Your instructions ->
The records below are to be copied exactly, with every picture left out.
[[ Available records, beginning ]]
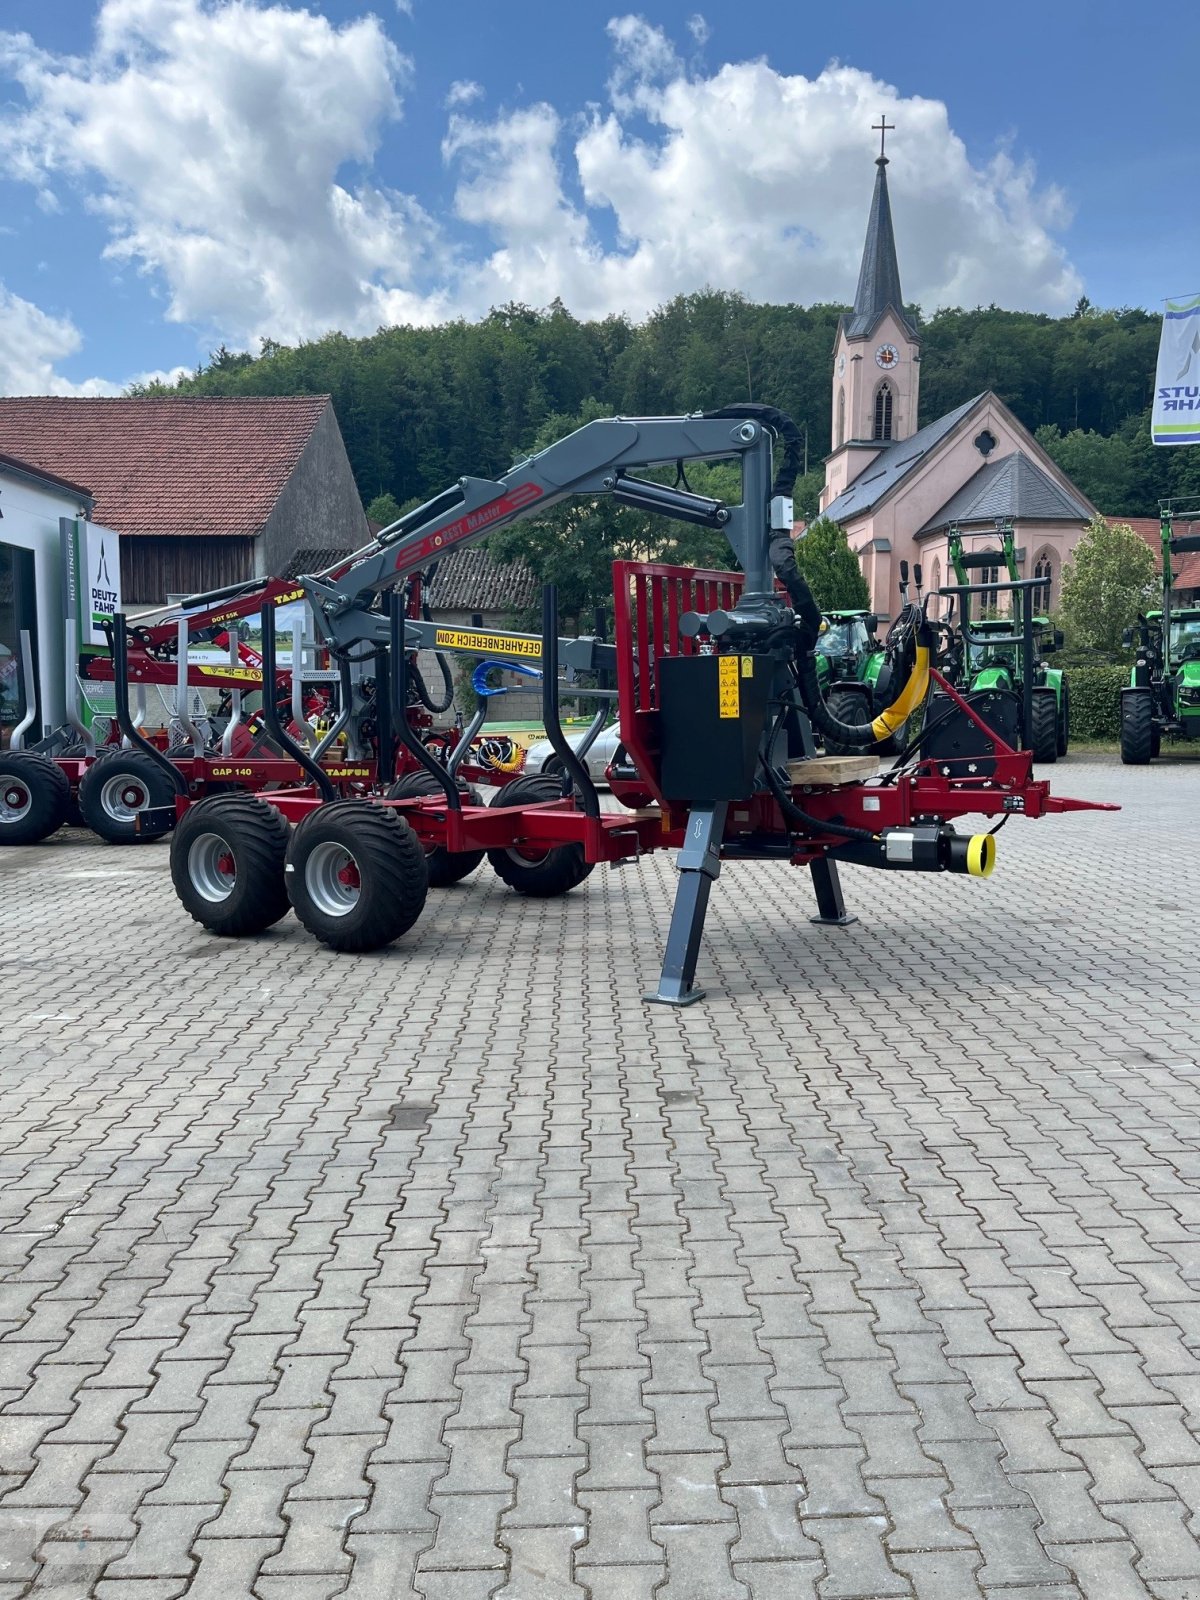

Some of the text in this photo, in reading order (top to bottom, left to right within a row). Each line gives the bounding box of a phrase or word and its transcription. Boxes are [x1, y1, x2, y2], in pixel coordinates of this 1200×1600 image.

[92, 588, 118, 603] DEUTZ
[273, 589, 305, 604] TAJF
[94, 601, 116, 613] FAHR
[211, 615, 225, 623] DOT
[437, 631, 541, 655] GEFAHRENBEREICH 20M
[212, 768, 252, 776] GAP 140
[325, 768, 370, 777] TAJFUN
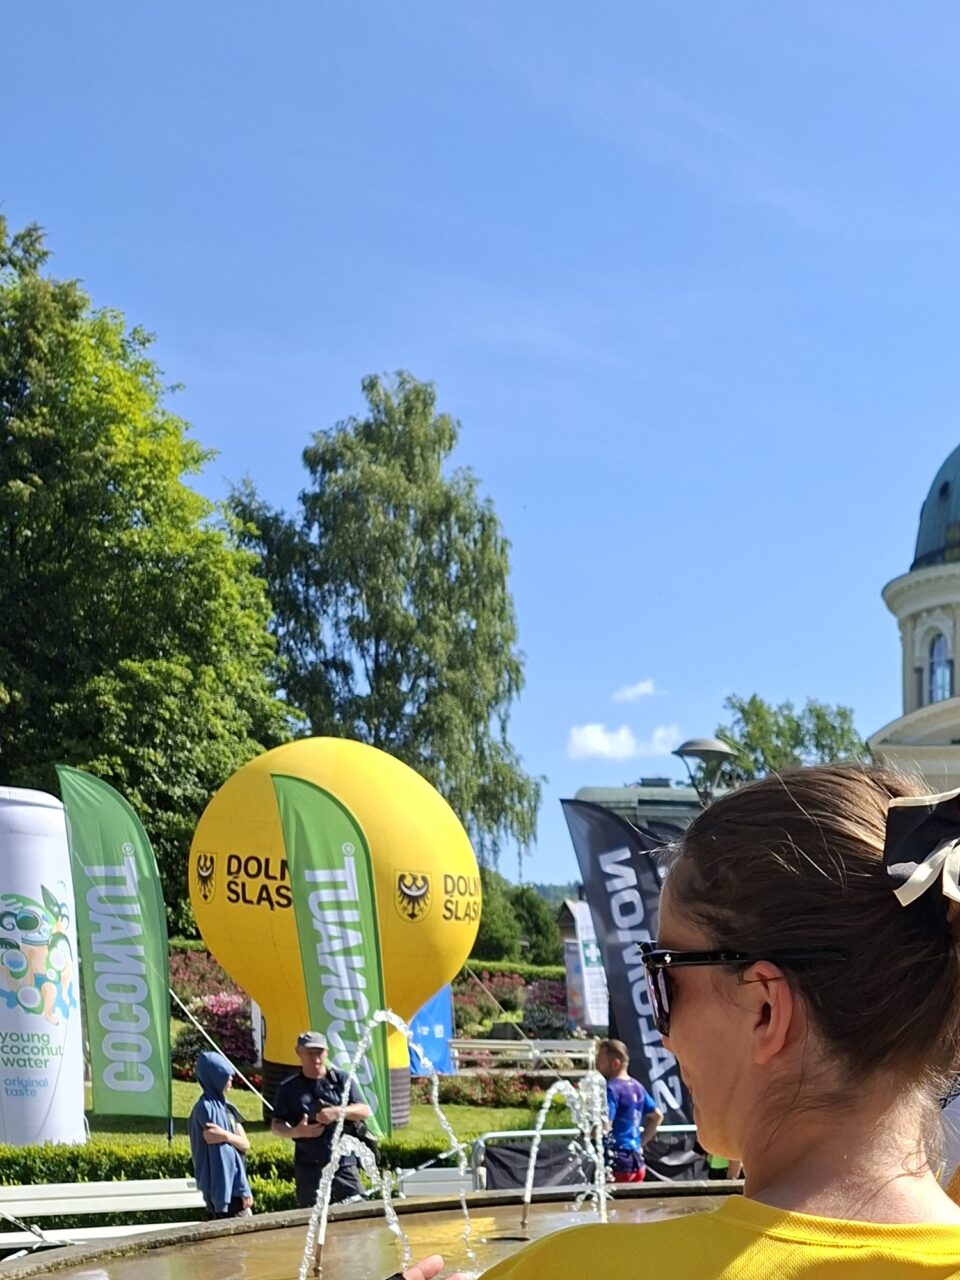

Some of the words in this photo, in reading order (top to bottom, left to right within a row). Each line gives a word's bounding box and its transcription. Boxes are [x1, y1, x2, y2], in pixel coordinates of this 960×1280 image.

[226, 854, 290, 882] DOLN
[443, 874, 480, 897] DOLN
[226, 875, 293, 912] ŚLĄS
[442, 894, 480, 925] ŚLĄS
[0, 1032, 50, 1046] young
[0, 1044, 64, 1057] coconut
[1, 1056, 50, 1068] water
[4, 1076, 49, 1089] original
[5, 1087, 38, 1097] taste
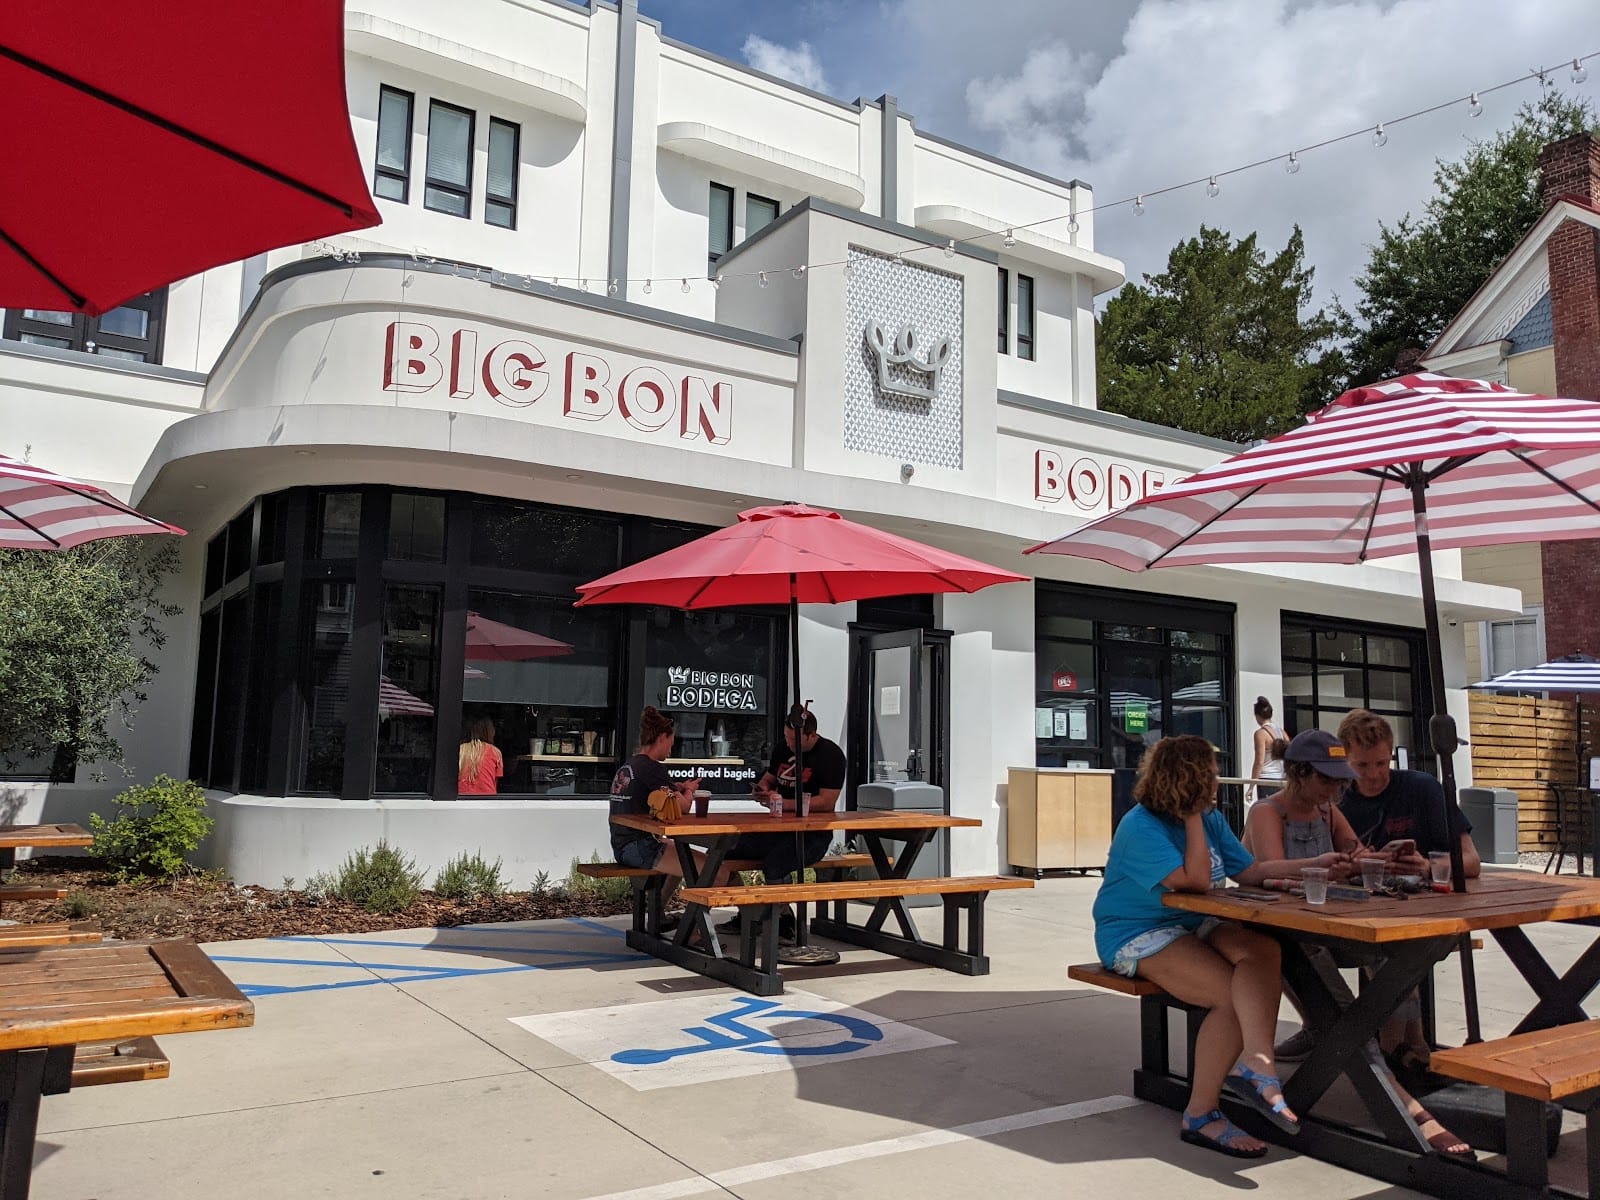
[[ Available records, end ]]
Your solution ->
Some of the text in this photo, in reading order (top to bottom, left to right within a row). Each line gives the bounding box of a phrase or word and its transcription. Boxes are [x1, y1, x2, y2], in pixel coordinates of this 1200×1600 image.

[92, 588, 118, 603] DEUTZ
[273, 589, 305, 604] TAJF
[94, 601, 116, 613] FAHR
[211, 615, 225, 623] DOT
[437, 631, 541, 655] GEFAHRENBEREICH 20M
[212, 768, 252, 776] GAP 140
[325, 768, 370, 777] TAJFUN

Some of the words in this photo, in reading order (top to bottom, left to right within a row). Each line gives a word's bounding box and its transcription. Boxes are [x1, y1, x2, y2], in pixel coordinates of this 960×1280 image.

[226, 854, 290, 882] DOLN
[443, 874, 480, 897] DOLN
[226, 875, 293, 912] ŚLĄS
[442, 894, 480, 925] ŚLĄS
[0, 1032, 50, 1046] young
[0, 1044, 64, 1057] coconut
[1, 1056, 50, 1068] water
[4, 1076, 49, 1089] original
[5, 1087, 38, 1097] taste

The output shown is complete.